Now, to start with, just over half of NZ households do not haz cat, so the question is pretty meaningless for them. Even for the 48% with feline overlords,  the answers supplied didn’t include anyone you might actually get to feed your cat over the holidays. (And isn’t the kitten in the photo a bit young to be left alone like that?)

The choices were one MP (out of 121), one big-city mayor (out of, say, four to six), one internet celebrity (out of an indeterminate set), and one former MP and climate-change denier. No women. No-one on the paper’s New Zealanders of the Year list. Unsurprisingly, one in three of the people they managed to get to answer the question looked at the options and said something along the lines of “Do not want”. 

It’s unusual for a statistician to say this, but sometimes getting a properly representative sample doesn’t really help all that much. The one person on the list who is actually known for his commitment to animal welfare came last.

(picture via @ChrisKeall)

December 6, 2013

If New Zealand were a village of 100 people ….

… according to the 2013 Census figures,

  • 51 would be female, 49 male.
  • 70 would be European, 14 Maori and 11 Asian.
  • 24 would have been born overseas
  • 21 would have a tertiary qualification
  • 4 would be unemployed.
  • 4 would earn over $100,000

Statistics New Zealand has done a nice graphic of the above, too. Full 2013 Census info available here.

 

December 3, 2013

Silliness on both sides in the Waikato fluoride stoush

The anti-fluoride Fluoride Action Network has accused the Waikato Times of reversing the results of an online poll that asked whether people supported the council’s move to defer re-fluoridating the city’s water supply until a High Court legal challenge  is decided.

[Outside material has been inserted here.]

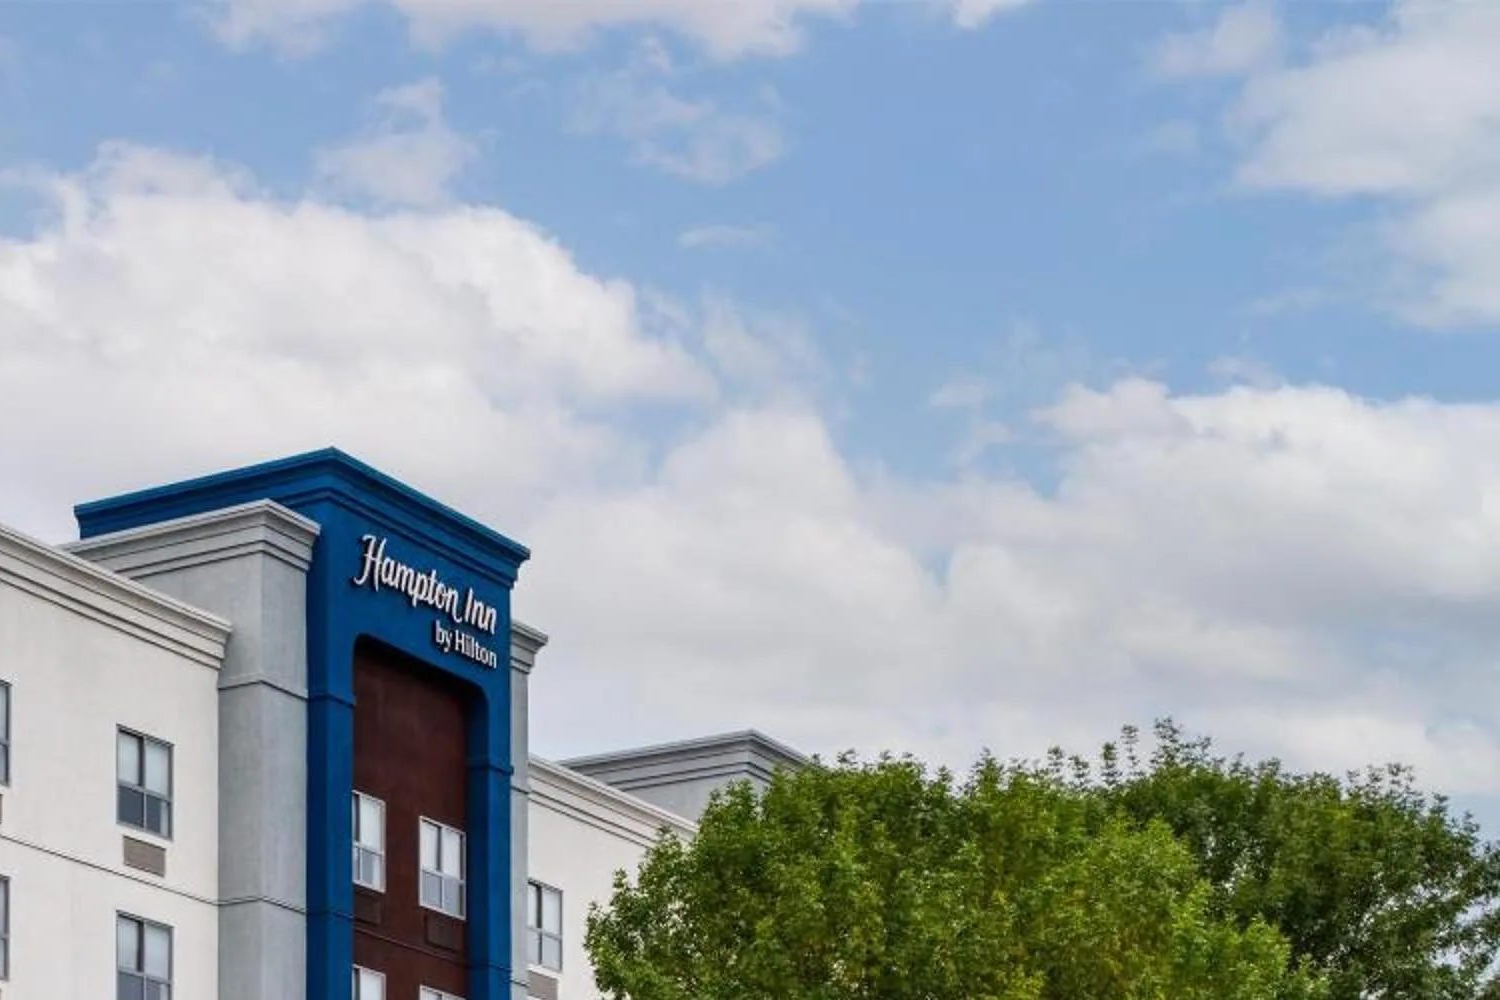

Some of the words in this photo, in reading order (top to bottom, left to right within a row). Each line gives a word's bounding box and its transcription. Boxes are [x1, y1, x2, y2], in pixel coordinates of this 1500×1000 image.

[353, 534, 463, 624] Hampton
[464, 587, 498, 635] Inn
[435, 620, 454, 653] by
[455, 629, 498, 669] Hilton

What the Waikato Times did or didn’t do is immaterial. Folks, the paper ran a self-selecting online poll, which makes its results utterly meaningless.

The best poll we have on this is October’s non-binding referendum. It showed that nearly 70% of Hamilton voters favoured water fluoridation.

September 30, 2013

For advertising purposes only

Bogus polls are only useful for advertising, but as long as they are honest about it, that’s not a problem.

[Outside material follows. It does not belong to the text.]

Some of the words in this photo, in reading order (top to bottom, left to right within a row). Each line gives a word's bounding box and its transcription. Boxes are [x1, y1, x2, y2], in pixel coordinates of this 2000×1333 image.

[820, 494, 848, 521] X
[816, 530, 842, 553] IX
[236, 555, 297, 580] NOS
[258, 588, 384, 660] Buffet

As a meritorious example, consider Forest & Bird’s Bird of the Year poll, which starts today. It exists to raise awareness of NZ birds and to get stories in the media about them, but it’s not claiming to be anything else.

At the time of writing, the kereru, ruru, and albatross were tied for first place. They’ve got more security to prevent multiple voting than the newspapers do — you can only vote once per email address — but it’s still just a self-selected poll of a tiny fraction of the population.

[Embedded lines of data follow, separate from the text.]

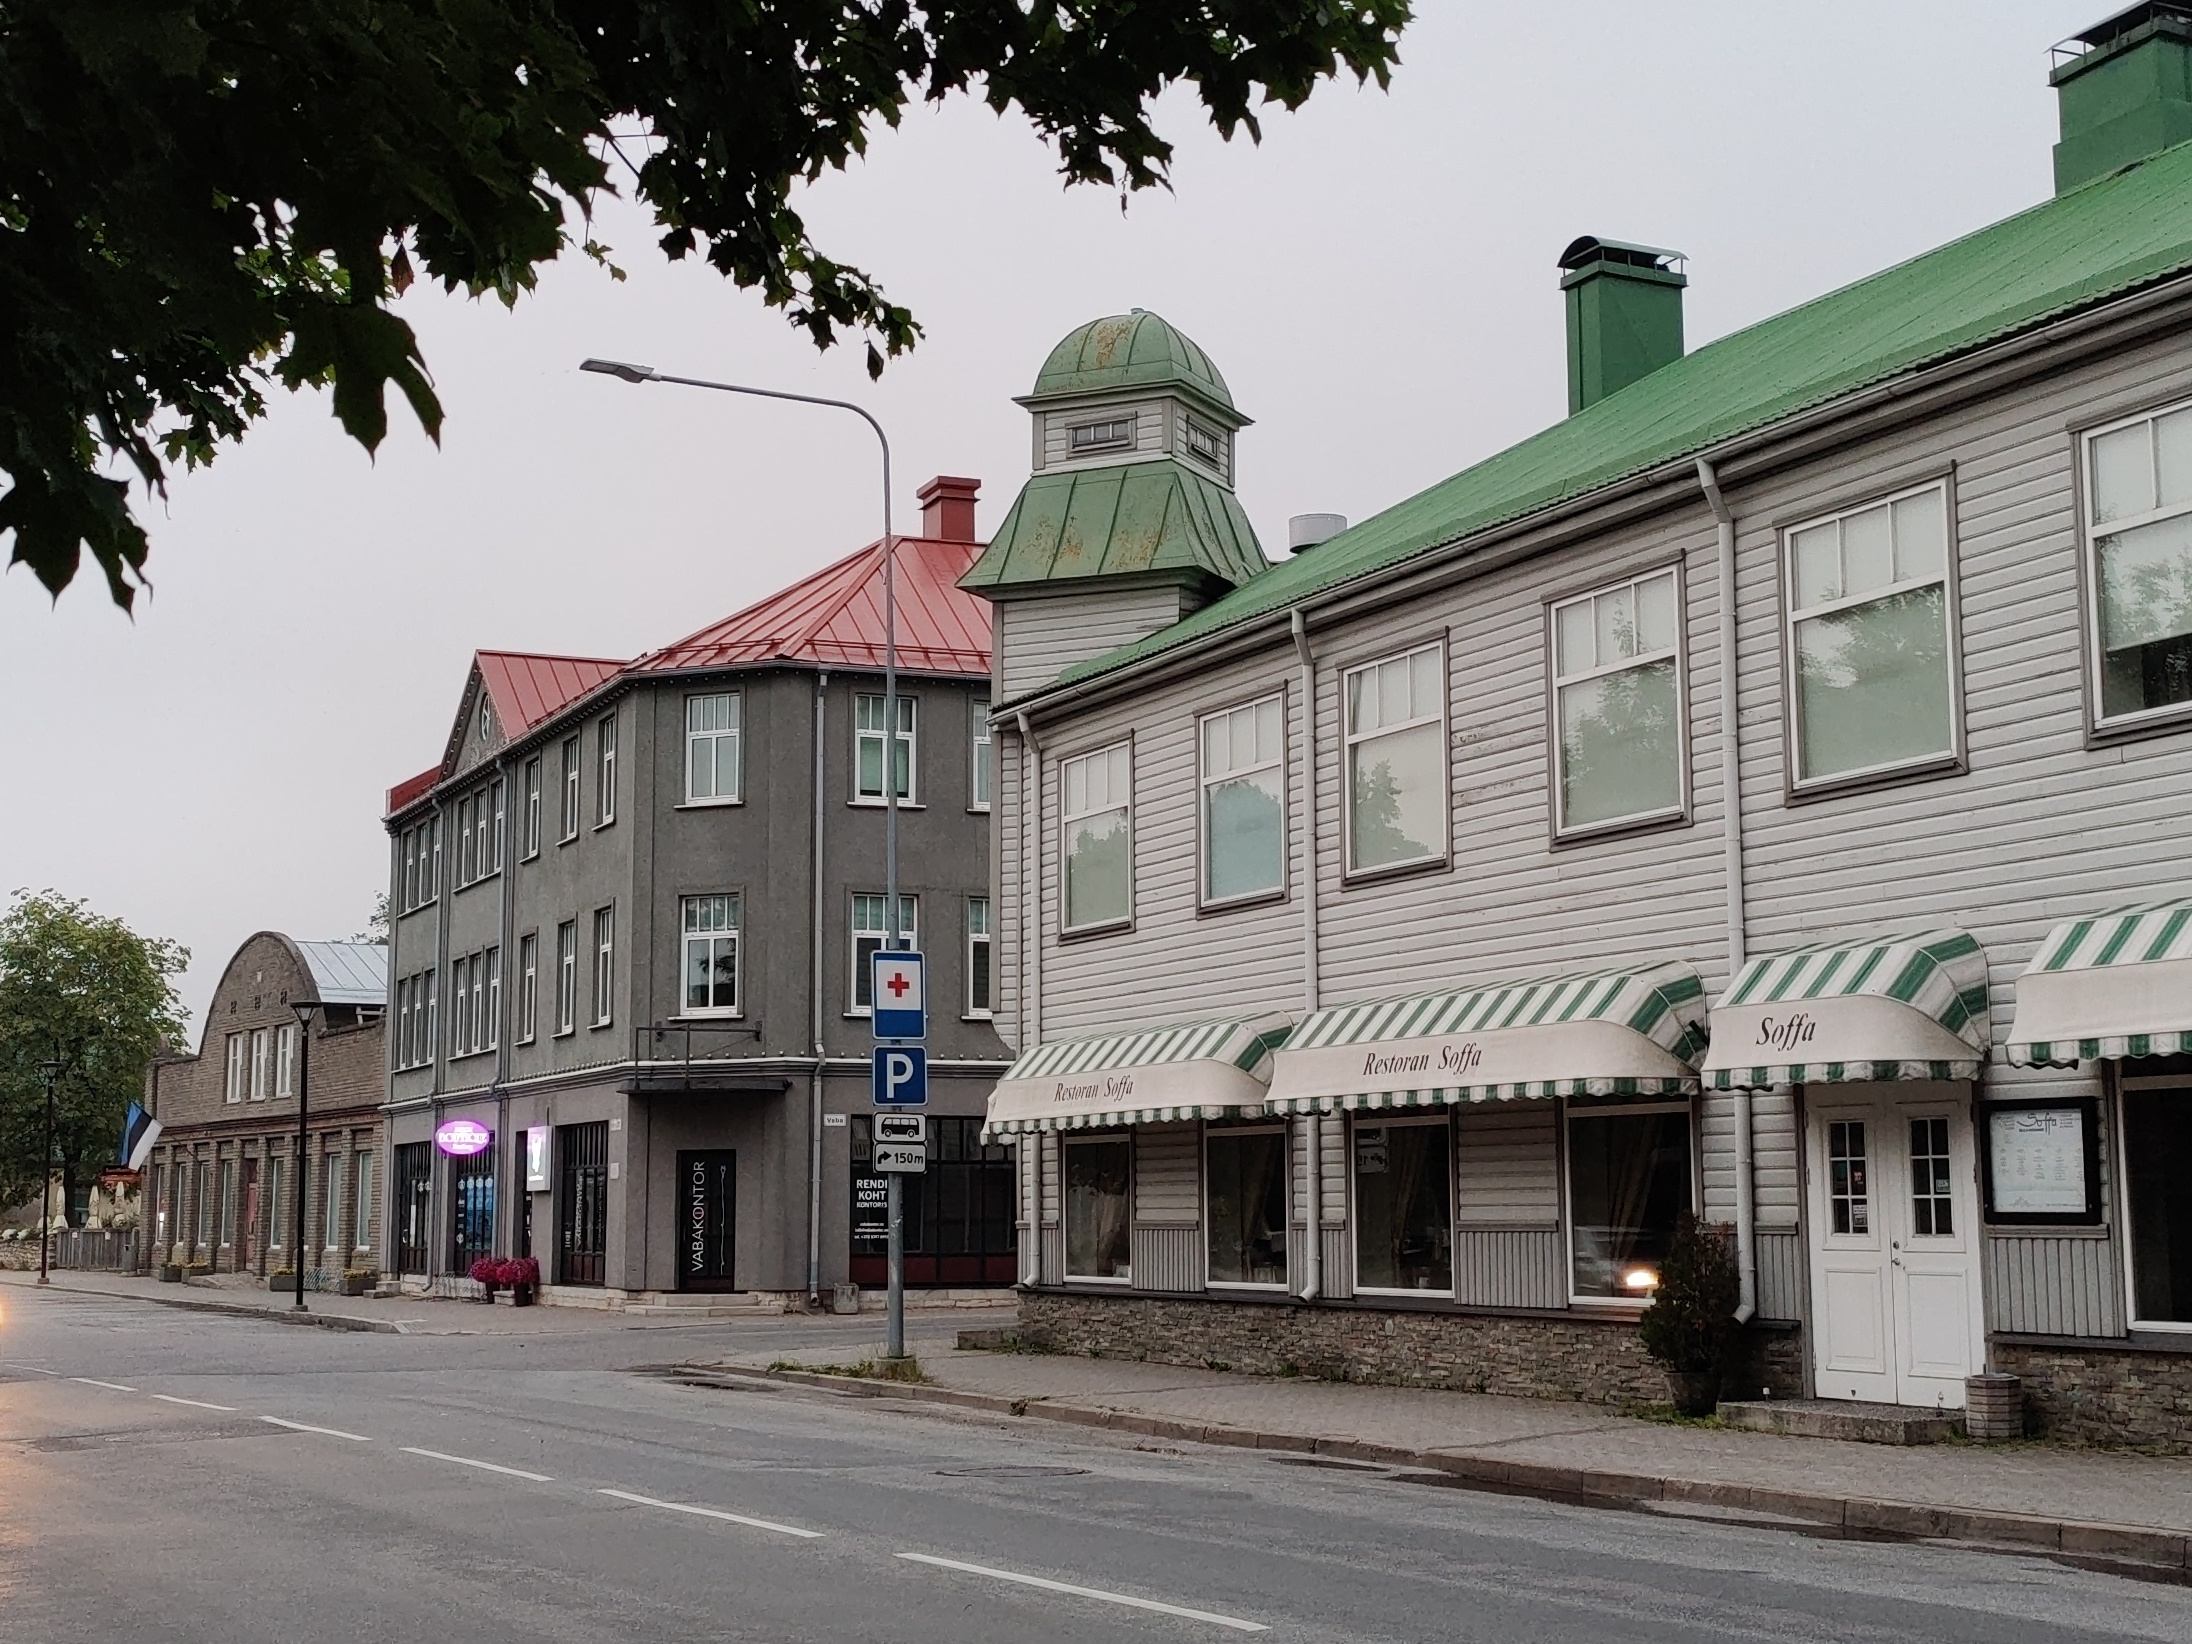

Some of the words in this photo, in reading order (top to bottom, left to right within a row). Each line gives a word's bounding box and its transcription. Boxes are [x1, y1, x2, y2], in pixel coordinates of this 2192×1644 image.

[1755, 1012, 1816, 1052] Soffa
[886, 1053, 914, 1099] P
[1362, 1052, 1430, 1076] Restoran
[1437, 1042, 1482, 1076] Soffa
[1054, 1082, 1099, 1102] Restoran
[1103, 1074, 1134, 1102] Soffa
[856, 1179, 888, 1189] RENDI
[858, 1190, 887, 1201] KOHT
[691, 1161, 706, 1272] VABAKONTOR

Radio NZ science broadcaster Allison Ballance is lobbying for the albatross, which is an excellent choice, but the only official StatsChat advice is to watch out for the penguins.

September 25, 2013

Just one poll

A recurring point on StatsChat is that single election polls don’t have a large enough sample size to track short-term changes in opinion. Some form of averaging is necessary.

The excuse for pointing this out again is the Herald-Digipoll result with an increase of 6.8% since the previous poll in June. Since the poll has a 3.6% margin of error for a single estimate, its margin of error for changes is about 5%, so 6.8% is quite impressive.

On the other hand, Danyl Mclauchlan just tweeted a nice interactive plot of aggregrated poll results. I can’t embed it because WordPress is scared of SVG graphics, but the key chunk is here and you can click for the interactive plot

polls

 

The highlighted points are past Herald-DigiPoll results, and there is indeed a big jump since June, but there’s almost no change since March. This poll seems to have given more variable results for Labour than the other polls do.

The conclusion: it’s too early to tell whether the change of management at Labour has affected opinion. But it’s probably more than a year until the election. We can wait a few weeks for the polls.

 

[Update: I’m apparently wrong about the excess variability in the Labour results, according to Peter Green on Twitter. Statisticians can overinterpret numbers just as much as the next guy]

[Further update: Twittering establishes that all the obvious suggestions for potentially-better ways to smooth the data have been tried.]